Exercise details
Lines in the data below that contain the word "Wide" are to be copied.

Given information

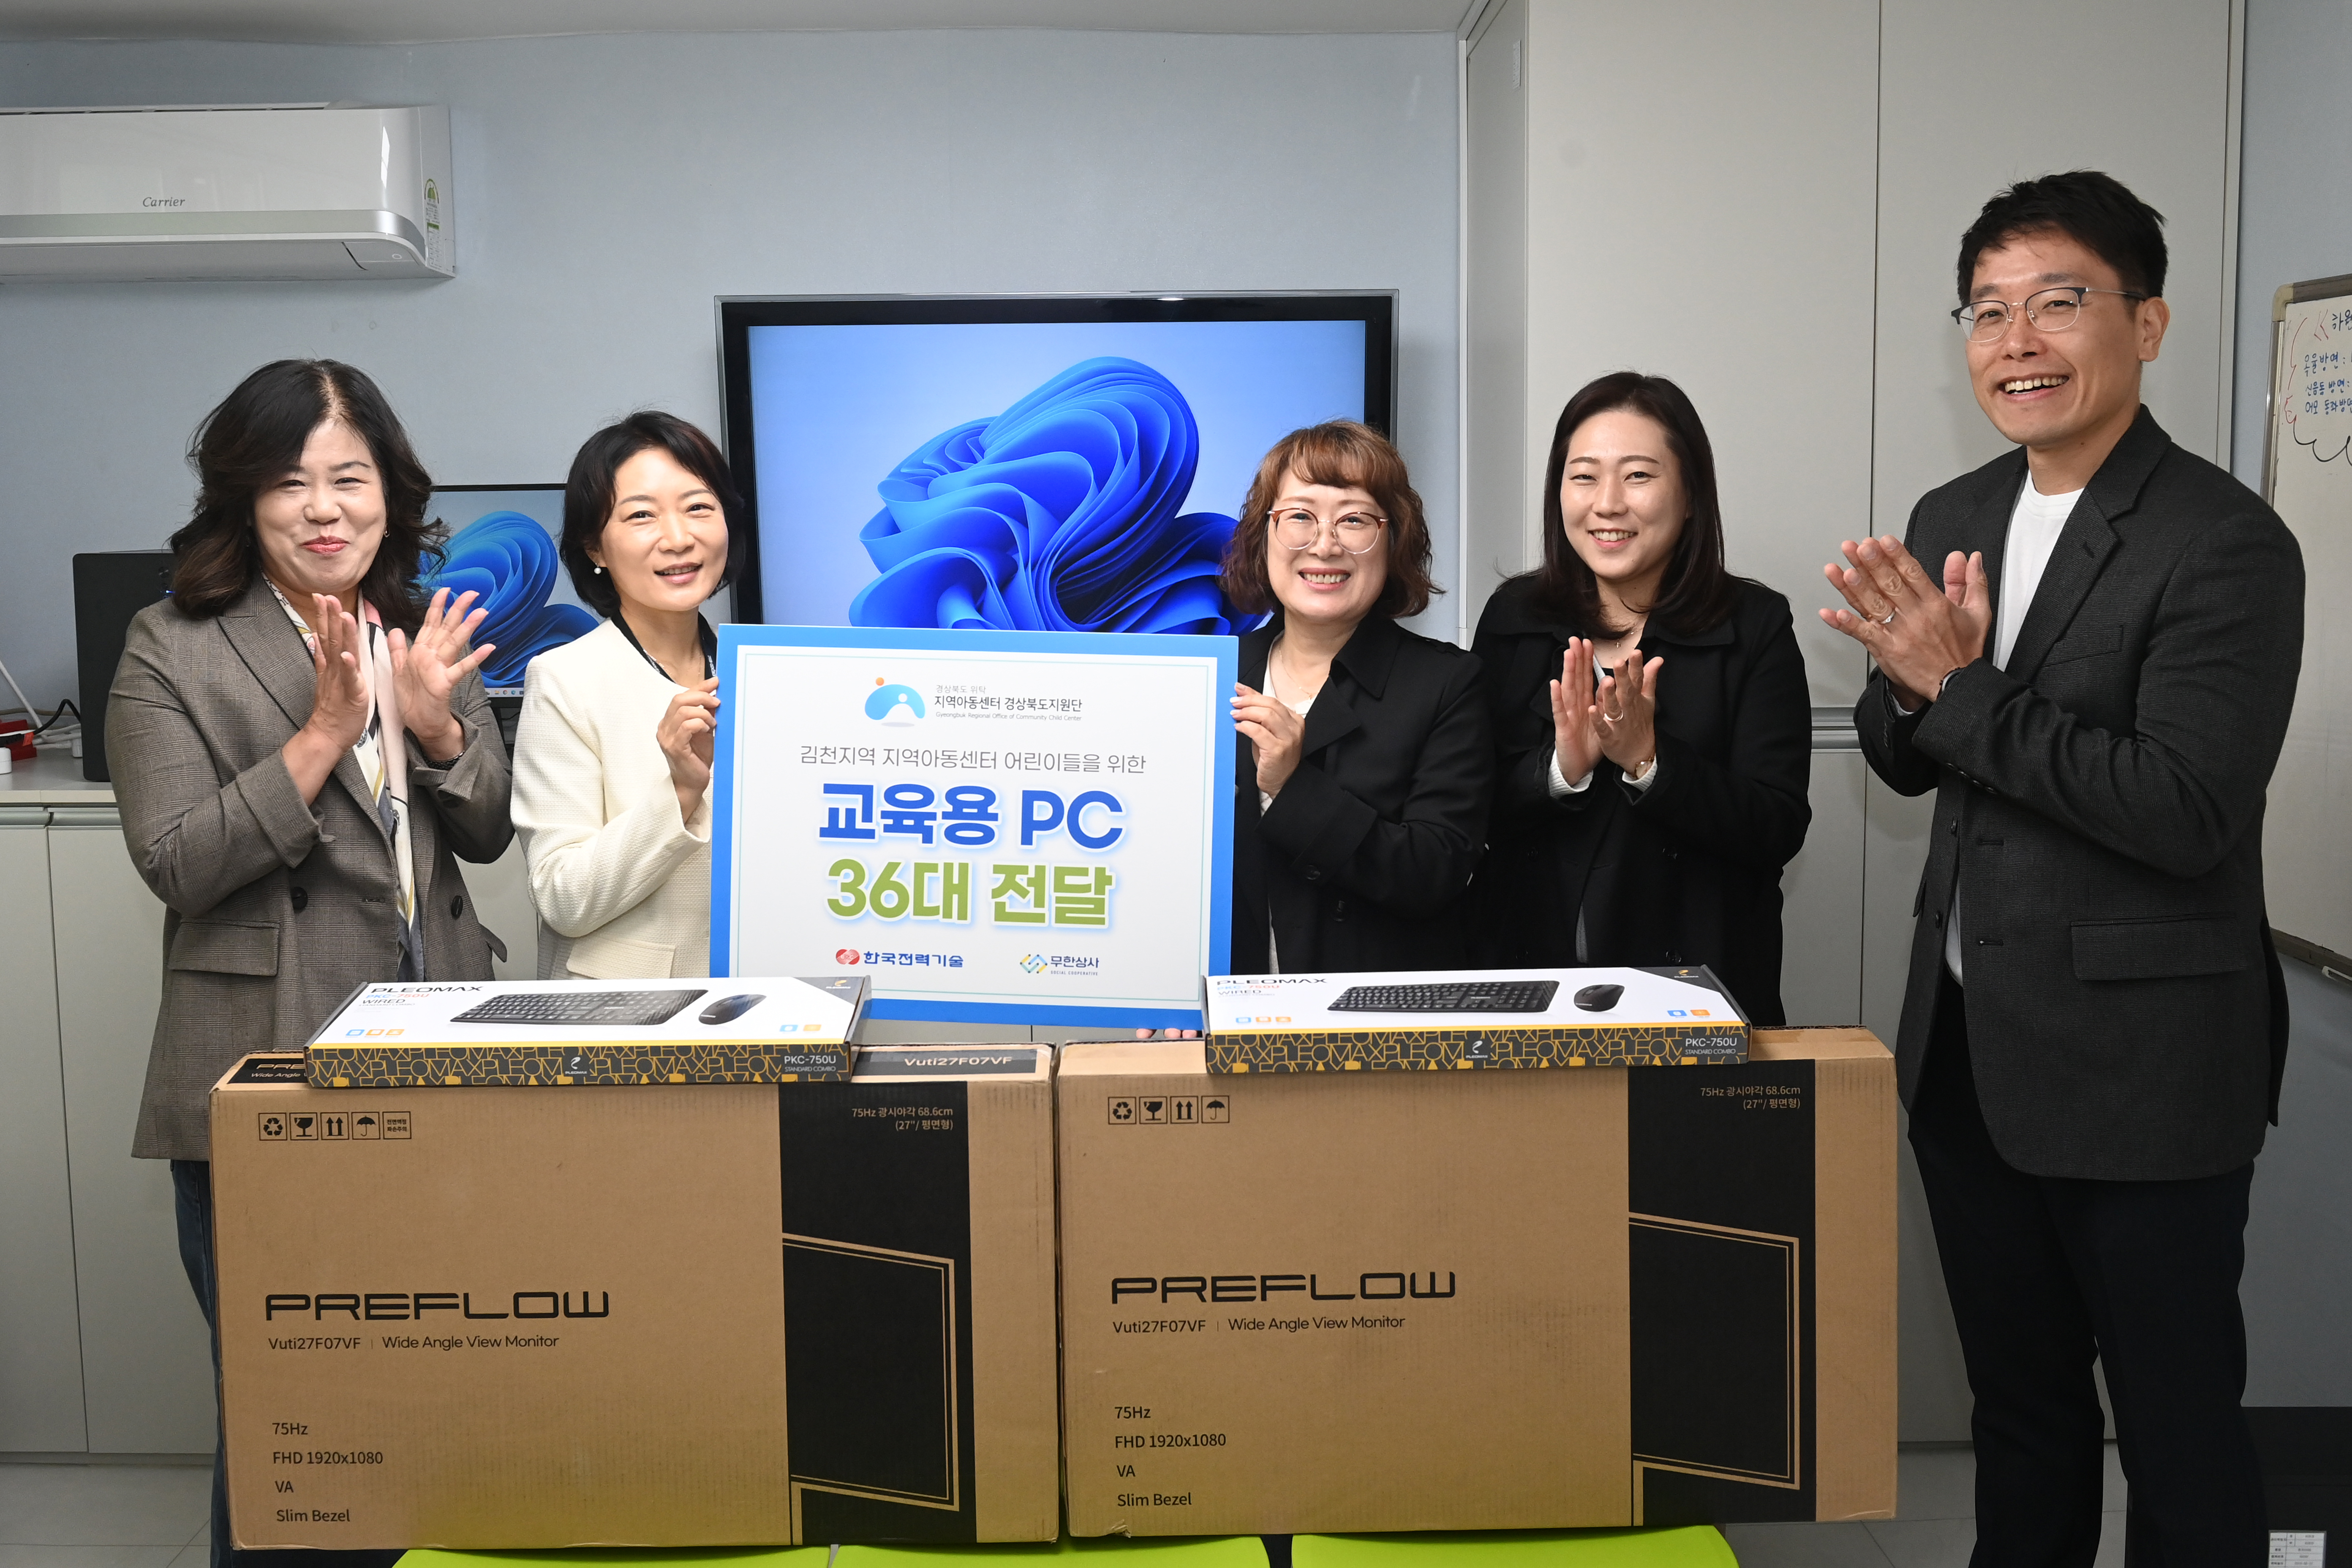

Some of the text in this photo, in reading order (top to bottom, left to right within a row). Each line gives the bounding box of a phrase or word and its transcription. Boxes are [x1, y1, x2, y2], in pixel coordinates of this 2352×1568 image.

[143, 197, 185, 207] Carrier
[2305, 400, 2318, 414] 어모
[936, 685, 986, 694] 경상북도 위탁
[934, 695, 1082, 712] 지역아동센터 경상북도지원단
[801, 746, 1146, 773] 김천지역 지역아동센터 어린이들을 위한
[819, 783, 1123, 849] 교육용 PC
[827, 858, 1113, 926] 36대 전달
[863, 951, 964, 968] 한국전력기술
[1051, 956, 1099, 968] 무한상사
[1685, 1038, 1737, 1047] PKC-750U
[784, 1056, 836, 1064] PKC-750U
[904, 1056, 1013, 1067] Vuti27F07VF
[1701, 1086, 1800, 1097] 75Hz 광시야각 68.6cm
[1769, 1098, 1800, 1109] 평면형)
[852, 1107, 953, 1118] 75Hz 광시야각 68.6cm
[922, 1119, 953, 1130] 평면형)
[1112, 1271, 1455, 1304] PREFLOW
[266, 1291, 609, 1320] PREFLOW
[1113, 1315, 1405, 1333] Vuti27F07VF Wide Angle View Monitor
[268, 1335, 559, 1351] Vuti27F07VF Wide Angle View Monitor
[1115, 1406, 1151, 1418] 75Hz
[272, 1423, 308, 1435] 75Hz
[1116, 1434, 1226, 1448] FHD 1920x1080
[273, 1451, 383, 1465] FHD 1920x1080
[1117, 1465, 1135, 1477] VA
[275, 1481, 294, 1492] VA
[1117, 1492, 1192, 1506] Slim Bezel
[276, 1509, 350, 1522] Slim Bezel
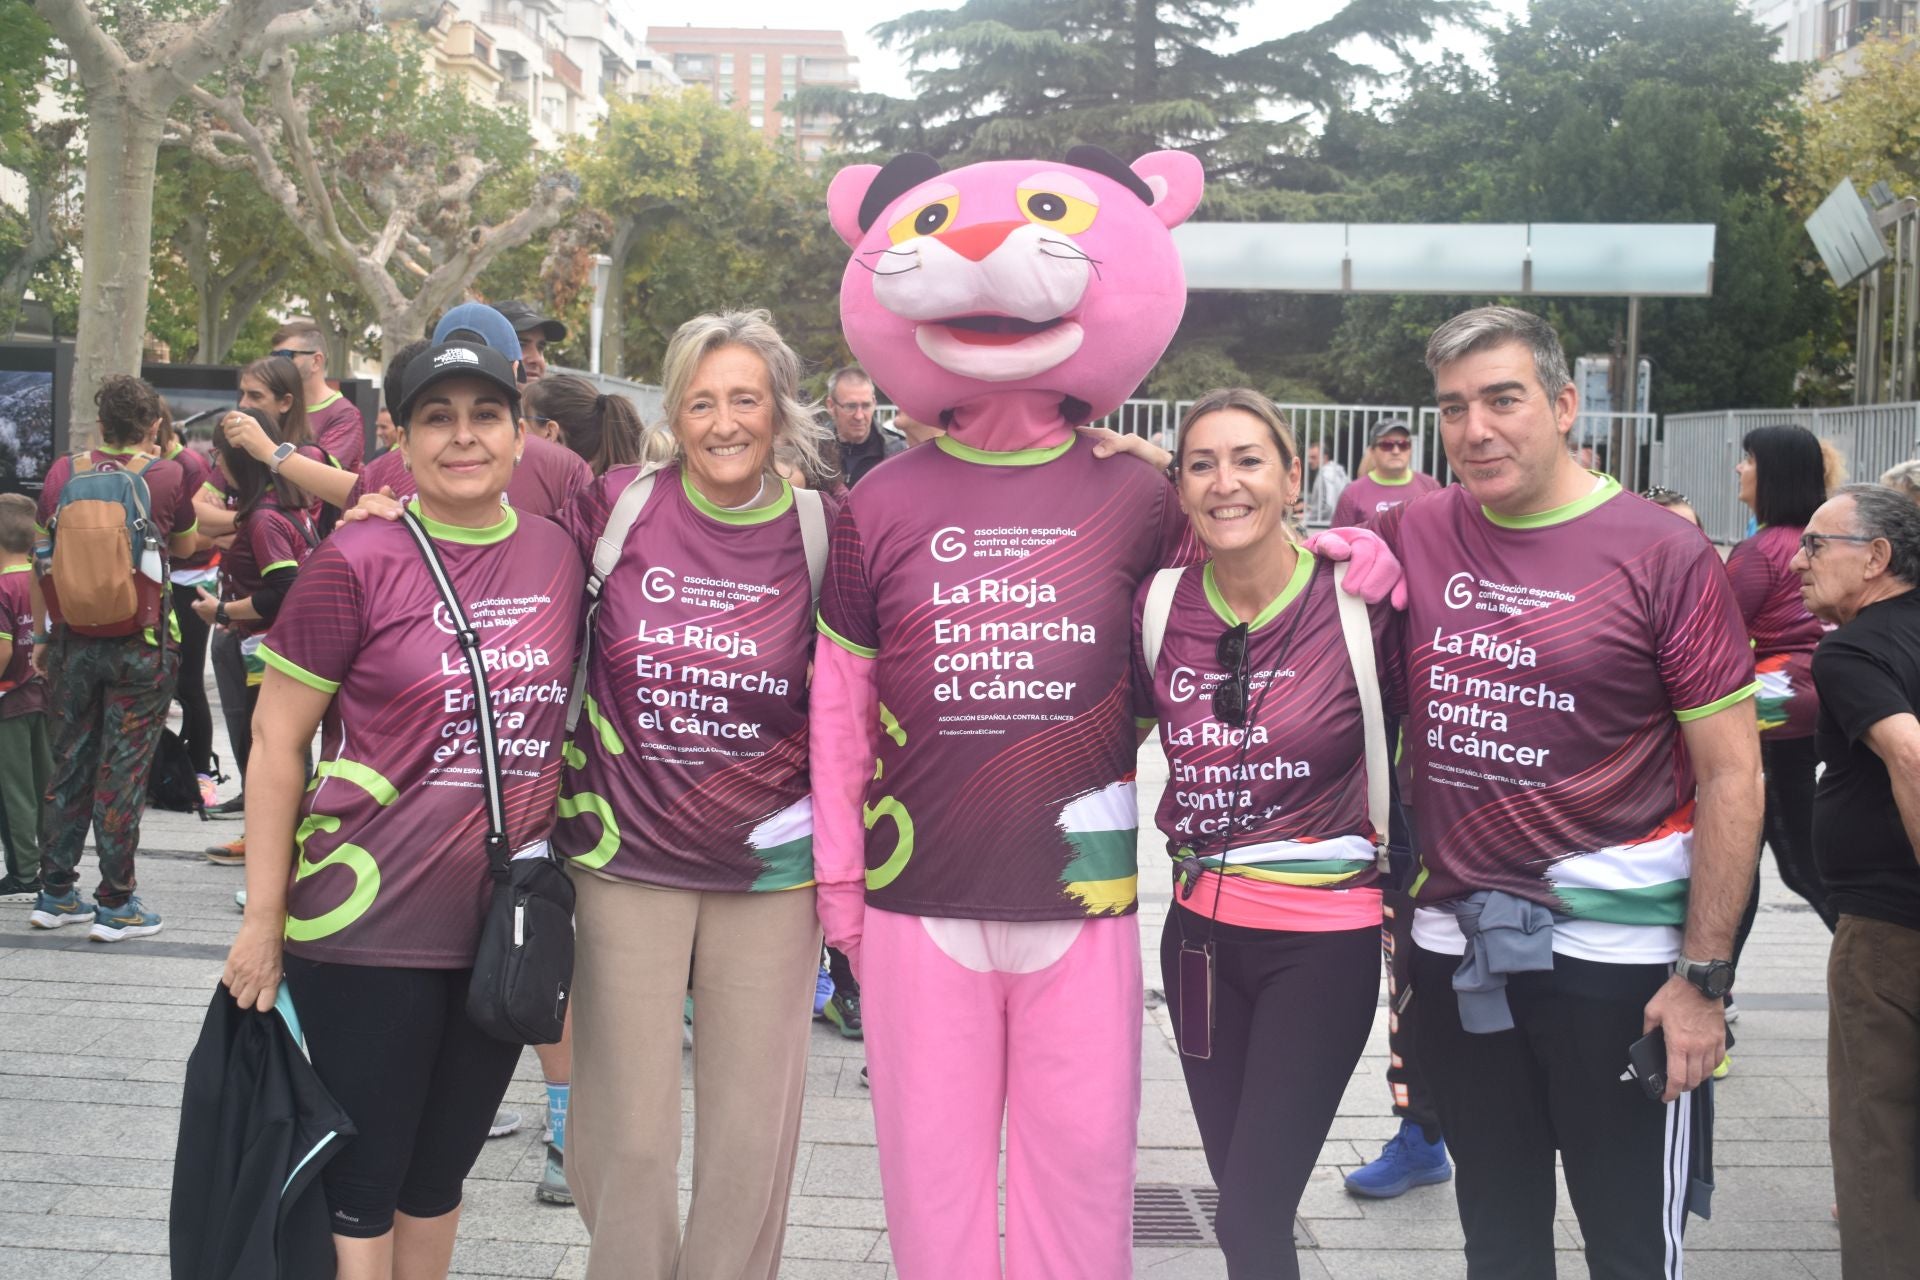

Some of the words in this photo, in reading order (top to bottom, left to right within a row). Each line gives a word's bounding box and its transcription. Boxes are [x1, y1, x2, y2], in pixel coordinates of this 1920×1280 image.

[974, 526, 1029, 536] asociación
[1031, 527, 1077, 537] española
[974, 538, 1008, 546] contra
[1010, 536, 1019, 546] el
[1021, 537, 1057, 546] cáncer
[989, 548, 1002, 557] La
[1004, 547, 1030, 559] Rioja
[681, 585, 715, 597] contra
[716, 588, 726, 598] el
[727, 591, 761, 603] cáncer
[683, 575, 736, 589] asociación
[737, 582, 780, 596] española
[933, 581, 970, 605] La
[980, 578, 1057, 608] Rioja
[1479, 579, 1527, 594] asociación
[1528, 588, 1576, 602] española
[473, 608, 496, 618] ontra
[507, 606, 538, 615] cáncer
[513, 595, 551, 605] española
[680, 597, 694, 605] en
[695, 597, 708, 607] La
[709, 599, 735, 612] Rioja
[1475, 602, 1487, 610] en
[1488, 603, 1498, 612] La
[1499, 603, 1523, 616] Rioja
[1478, 590, 1506, 602] contra
[1506, 594, 1517, 604] el
[1517, 597, 1551, 609] cáncer
[470, 621, 482, 629] en
[482, 620, 494, 628] La
[494, 618, 519, 627] Rioja
[934, 618, 971, 644] En
[980, 616, 1096, 644] marcha
[638, 619, 674, 645] La
[683, 625, 758, 659] Rioja
[1432, 626, 1463, 655] La
[1469, 633, 1537, 670] Rioja
[480, 644, 550, 672] Rioja
[934, 646, 1034, 673] contra
[636, 654, 673, 680] En
[681, 665, 789, 696] marcha
[934, 676, 962, 701] el
[969, 674, 1077, 701] cáncer
[489, 680, 568, 706] marcha
[636, 686, 729, 714] contra
[1429, 664, 1459, 694] En
[1464, 677, 1576, 713] marcha
[637, 709, 664, 731] el
[670, 713, 762, 739] cáncer
[938, 714, 976, 722] ASOCIACIÓN
[977, 712, 1011, 721] ESPAÑOLA
[1049, 714, 1074, 722] CÁNCER
[1427, 700, 1508, 733] contra
[1167, 721, 1194, 746] La
[1427, 724, 1445, 750] el
[1449, 731, 1550, 767] cáncer
[463, 738, 551, 758] cncer
[1173, 758, 1198, 783] En
[1204, 756, 1311, 784] marcha

Answer for the task
[1113, 1315, 1405, 1333] Vuti27F07VF Wide Angle View Monitor
[268, 1335, 559, 1351] Vuti27F07VF Wide Angle View Monitor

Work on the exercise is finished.